Almost to the last day she repeated bits of her favourite poems and psalms,—and nothing gave her so much pleasure as to plan holidays for those who still had a day’s work before them. She was infinitely mindful of those who tended her. Almost her last words were,—“Now do go and have a good rest.”
And so the end came,—suddenly but not unexpectedly. She sat down one day more tired than usual—it was the 7th January, 1912—stretched herself back, and rendered up her soul to God who gave it.
A great wave of feeling arose in the village and round about when it was known that the familiar figure of the old warrior would no more be seen in her Sussex lanes. Perplexed at first, her neighbours of all classes had come in a measure to understand her, to be proud of her,—some of them to love her. With one or two, indeed, she had formed a warm and intimate friendship. There was every token of respectful sympathy and mourning when the little procession made its way to Rotherfield Church.[[163]]
And that wave of feeling went out over the whole world. Messages and tributes of appreciation and regret poured steadily in. The most beautiful and adequate was the paragraph in the Pall Mall Gazette:
“The woman as Happy Warrior has passed away with the death in her Sussex home of Sophia Jex-Blake. There is scarcely an attribute of the great figure in Wordsworth’s poem which she did not possess, with the crowning added happiness of seeing her fame as a noble and successful pioneer in a great movement finally established. She it was, more than anyone else, who compelled the gates of the medical profession to be opened to women. Through years of hostility and obloquy she never lost heart in her Cause; and, meeting violence with reason and coarseness with dignity, she won at last. Her longest and bitterest fight was with the University of Edinburgh; and, later, when Parliament had recognized the right of women to be doctors, it was in that city that she practised for twenty-one years. Since the death of Florence Nightingale no woman has died of whom more truly may it be written, Bene actæ vitæ recordatio jucundissima est.
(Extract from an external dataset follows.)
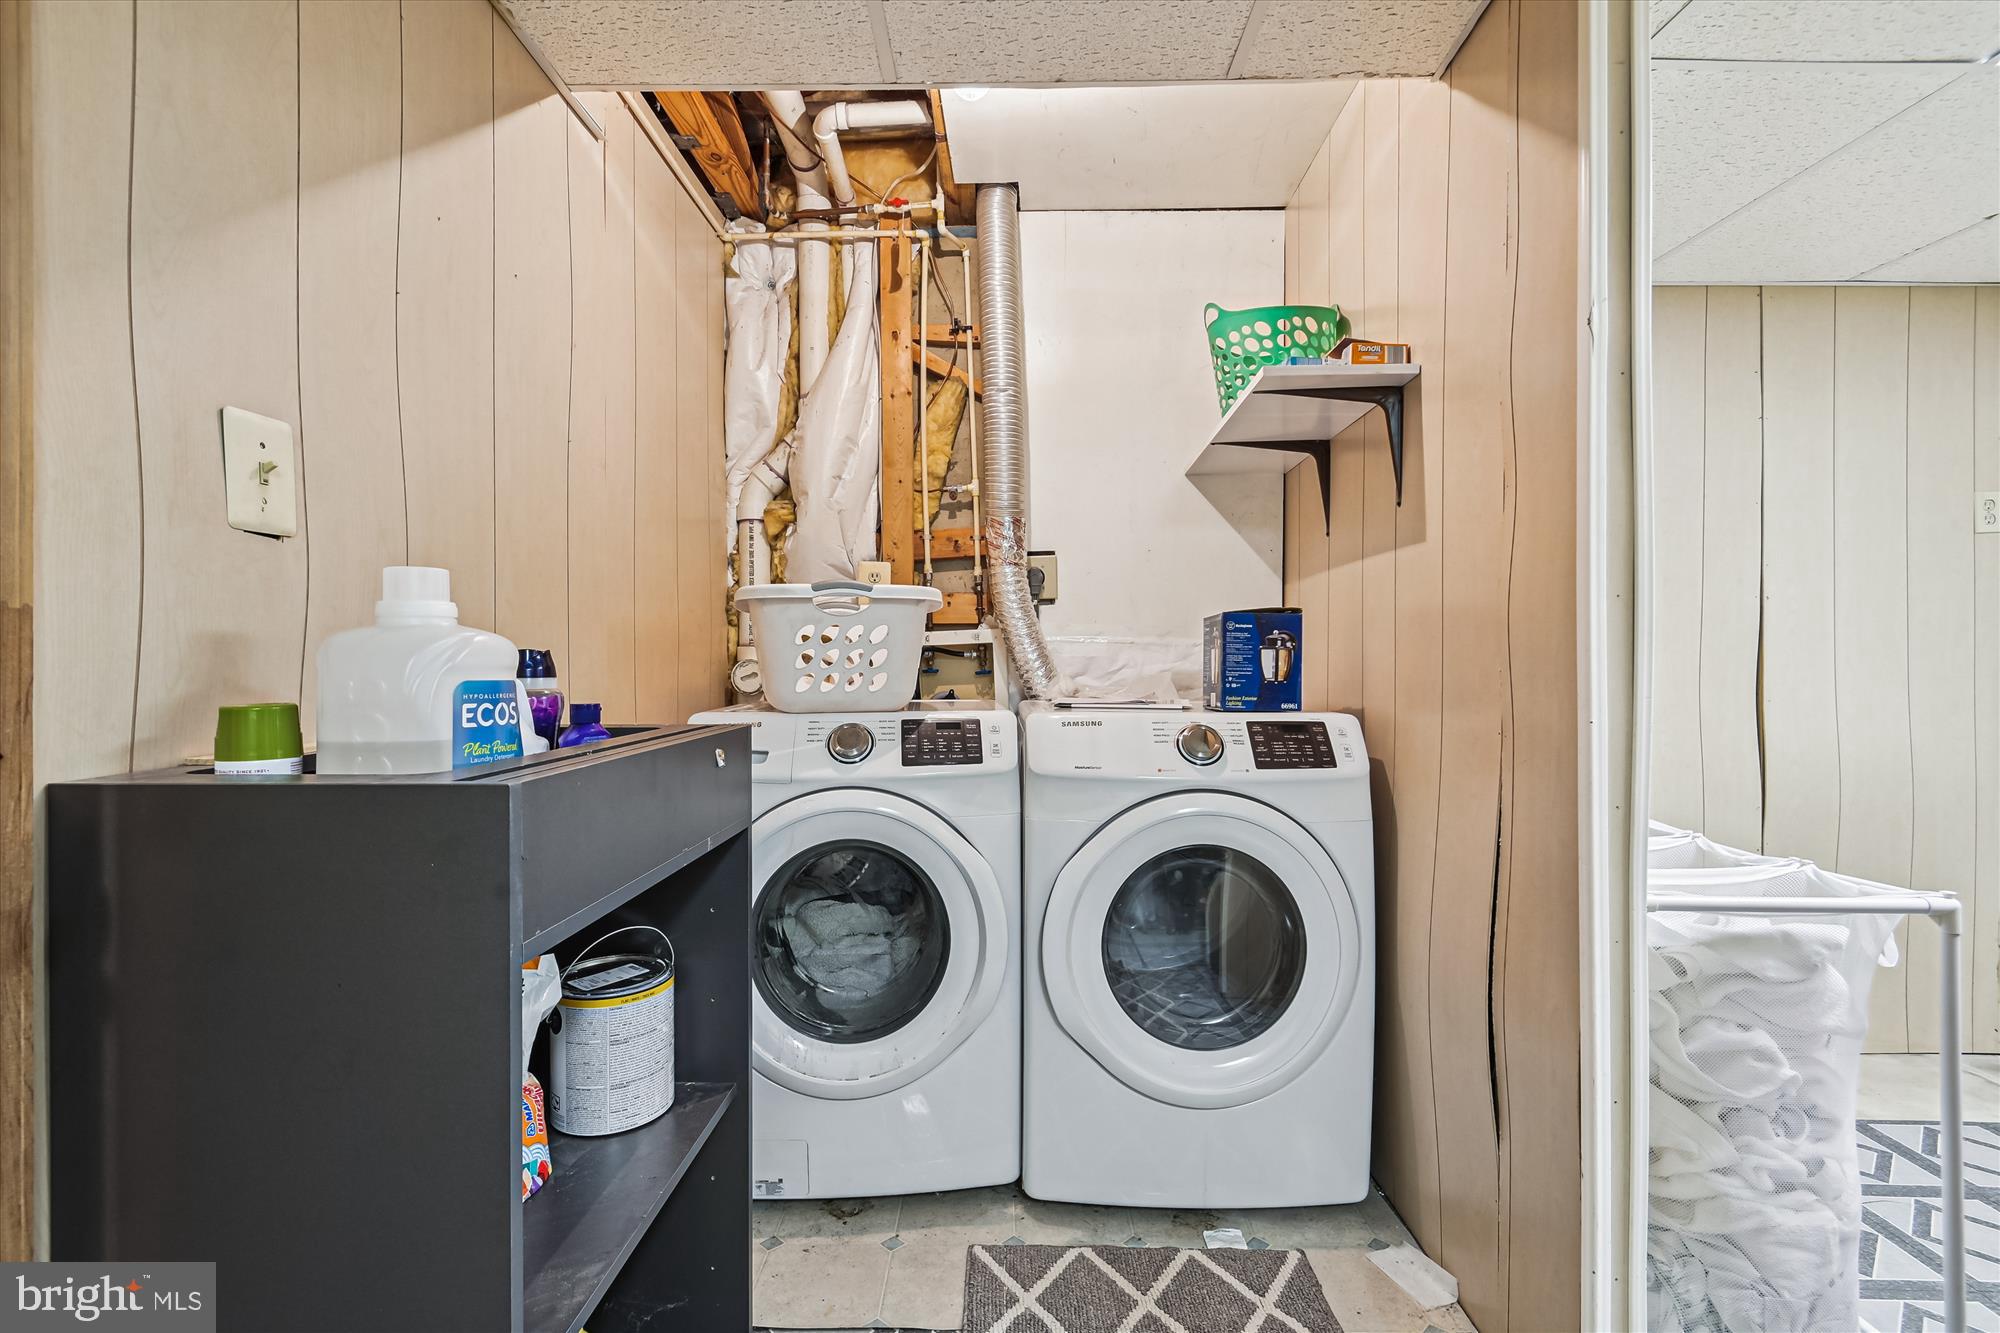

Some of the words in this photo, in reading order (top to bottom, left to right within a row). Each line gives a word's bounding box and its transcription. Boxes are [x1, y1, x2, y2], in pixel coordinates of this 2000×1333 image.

But the reader may find a special propriety in a very simple resolution passed a few days later in an Over Seas dominion:
“That the members of the University Women’s Club of Toronto do place on record their deep sense of the great influence and noble life of Dr. Sophia Jex-Blake. Now that her distinguished career has closed, they feel that she was the helper of all University women,—and they love her for many reasons.”